Annotated photo localization data

══════════

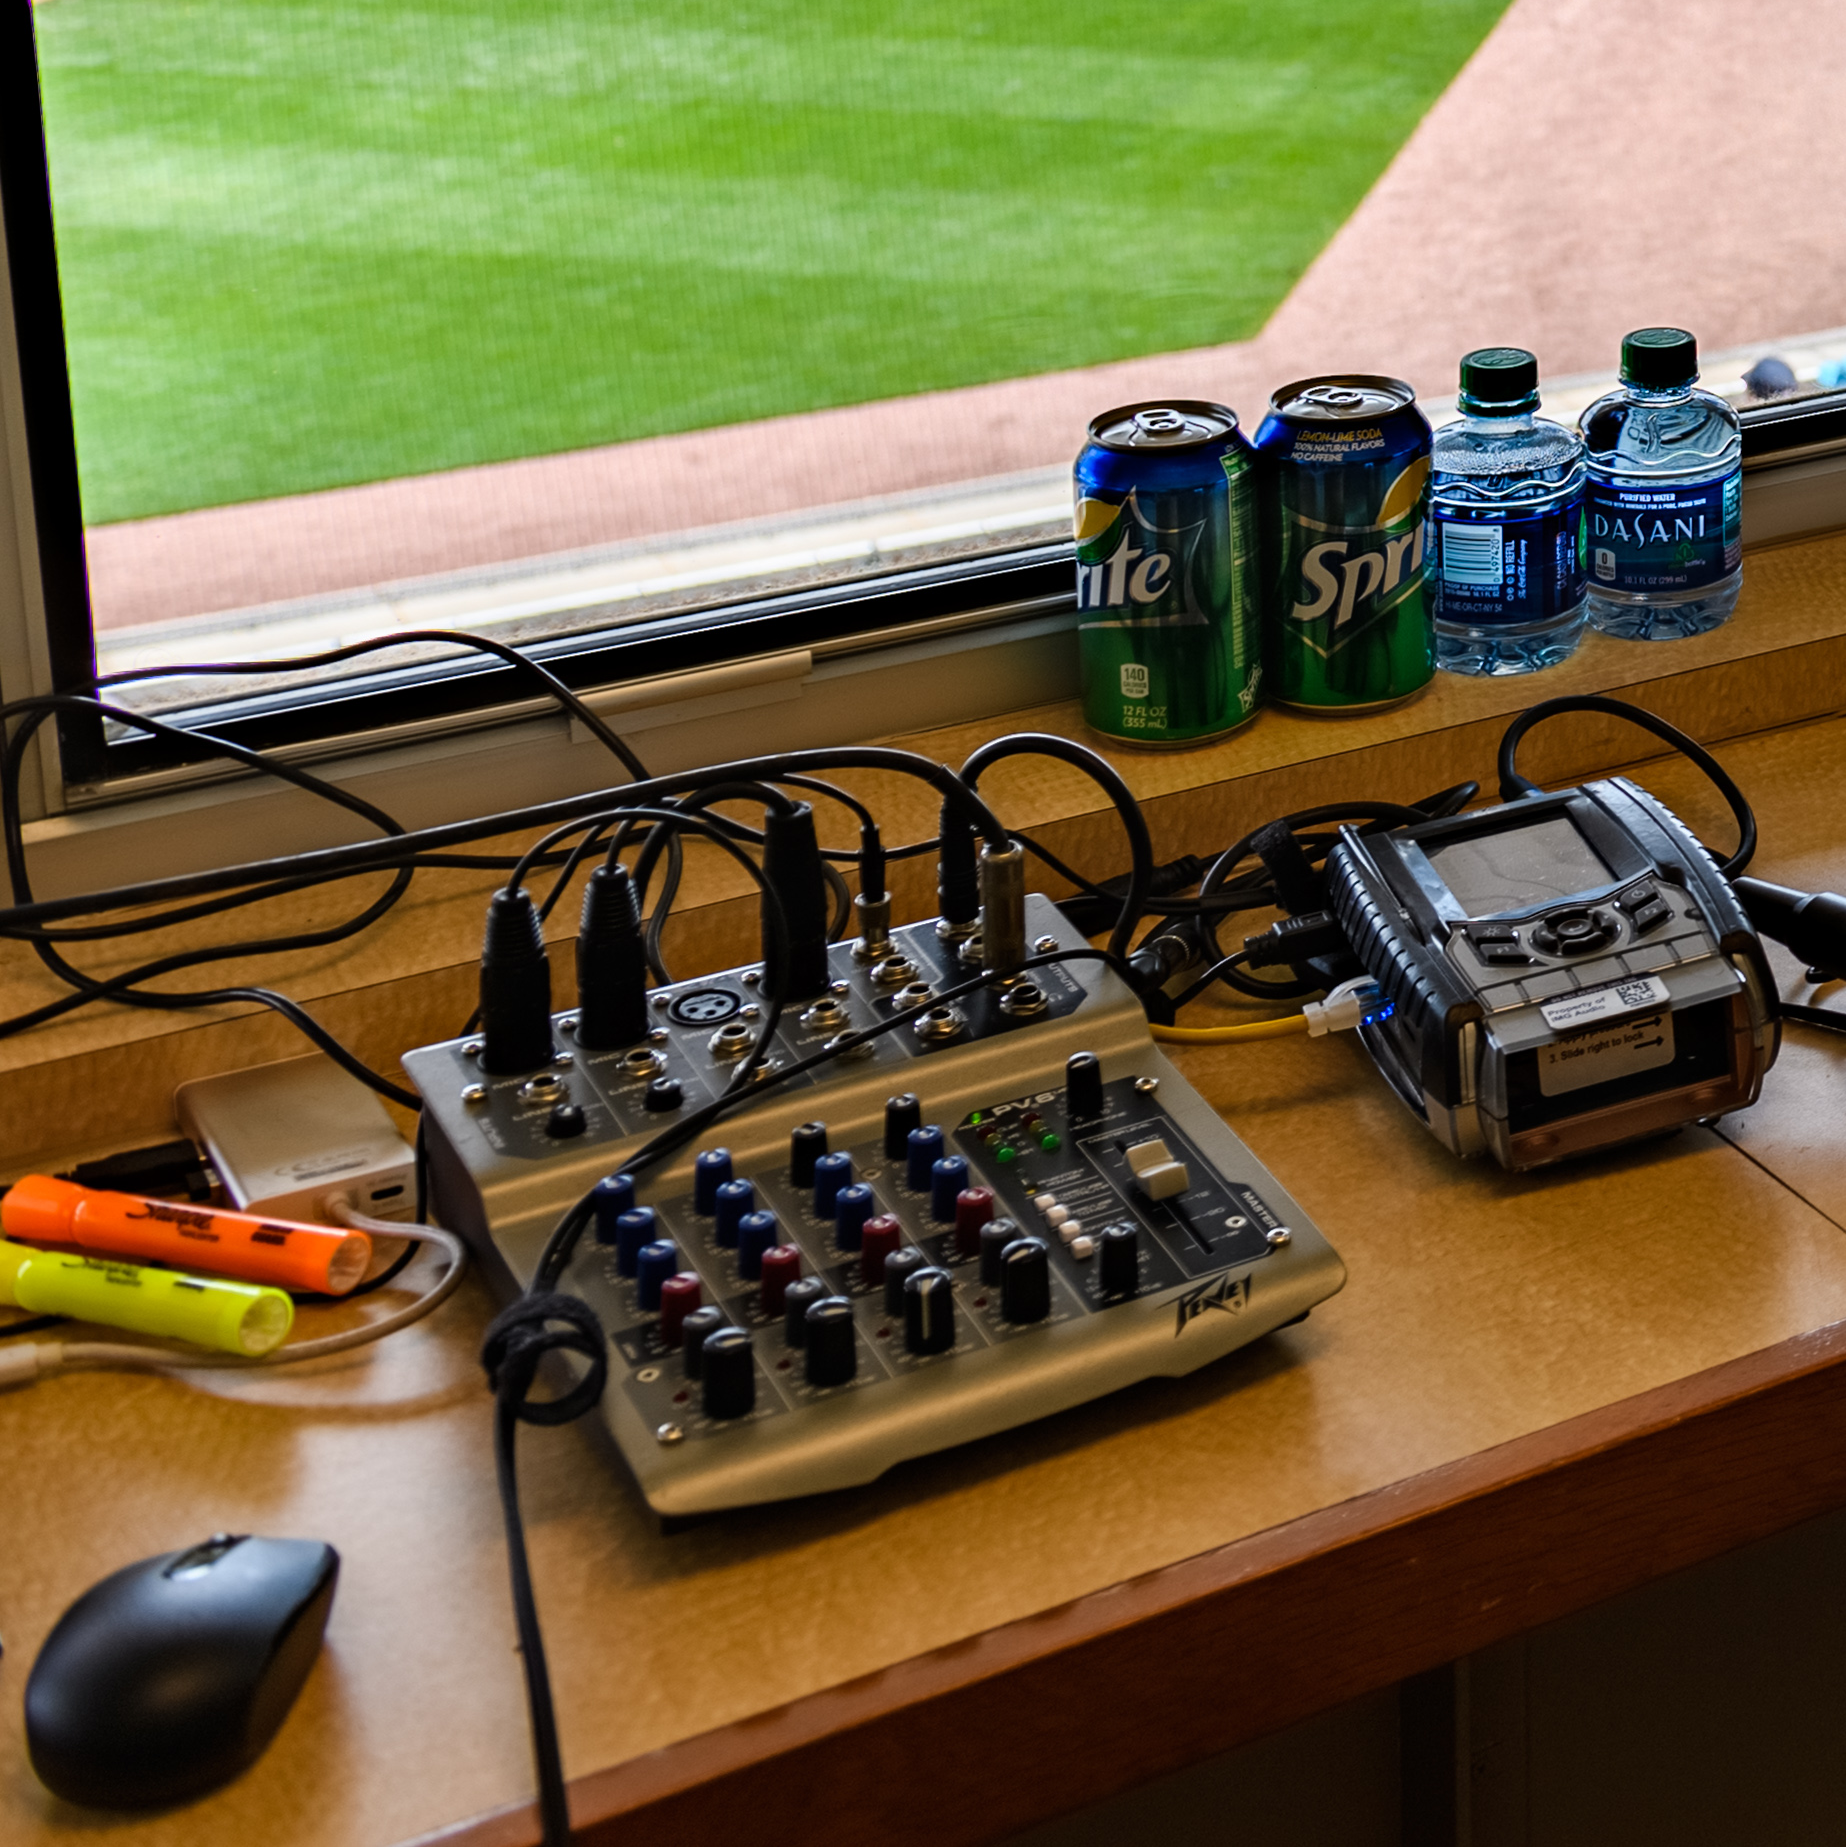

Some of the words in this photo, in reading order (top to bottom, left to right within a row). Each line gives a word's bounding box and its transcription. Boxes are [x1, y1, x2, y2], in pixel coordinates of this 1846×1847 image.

[1297, 429, 1355, 443] LEMON-LIME
[1356, 427, 1383, 442] SODA
[1313, 441, 1351, 453] NATURAL
[1351, 438, 1385, 452] FLAVORS
[1303, 451, 1344, 463] CAFFEINE
[1619, 492, 1652, 502] PURIFIED
[1652, 492, 1676, 502] WATER
[1594, 512, 1706, 551] DASANI
[1648, 576, 1658, 585] OZ
[1123, 666, 1146, 683] 140
[1122, 705, 1134, 716] 12
[1135, 705, 1148, 717] FL
[1149, 705, 1168, 717] OZ
[1122, 716, 1147, 729] (355
[1547, 1000, 1594, 1018] Property
[1595, 995, 1607, 1006] of
[1550, 1011, 1574, 1024] IMG
[1574, 1003, 1607, 1019] Audio
[1548, 1053, 1559, 1065] 3.
[1560, 1047, 1586, 1062] Slide
[1586, 1039, 1611, 1056] right
[1611, 1036, 1624, 1047] to
[1623, 1030, 1646, 1045] lock
[1240, 1190, 1280, 1229] MASTER

══════════

What is being asked
Send back every line above exactly, skipping all pictures.

Written response
Some of the words in this photo, in reading order (top to bottom, left to right within a row). Each line gives a word's bounding box and its transcription. Boxes are [x1, y1, x2, y2], in pixel coordinates of this 1846×1847 image.

[1297, 429, 1355, 443] LEMON-LIME
[1356, 427, 1383, 442] SODA
[1313, 441, 1351, 453] NATURAL
[1351, 438, 1385, 452] FLAVORS
[1303, 451, 1344, 463] CAFFEINE
[1619, 492, 1652, 502] PURIFIED
[1652, 492, 1676, 502] WATER
[1594, 512, 1706, 551] DASANI
[1648, 576, 1658, 585] OZ
[1123, 666, 1146, 683] 140
[1122, 705, 1134, 716] 12
[1135, 705, 1148, 717] FL
[1149, 705, 1168, 717] OZ
[1122, 716, 1147, 729] (355
[1547, 1000, 1594, 1018] Property
[1595, 995, 1607, 1006] of
[1550, 1011, 1574, 1024] IMG
[1574, 1003, 1607, 1019] Audio
[1548, 1053, 1559, 1065] 3.
[1560, 1047, 1586, 1062] Slide
[1586, 1039, 1611, 1056] right
[1611, 1036, 1624, 1047] to
[1623, 1030, 1646, 1045] lock
[1240, 1190, 1280, 1229] MASTER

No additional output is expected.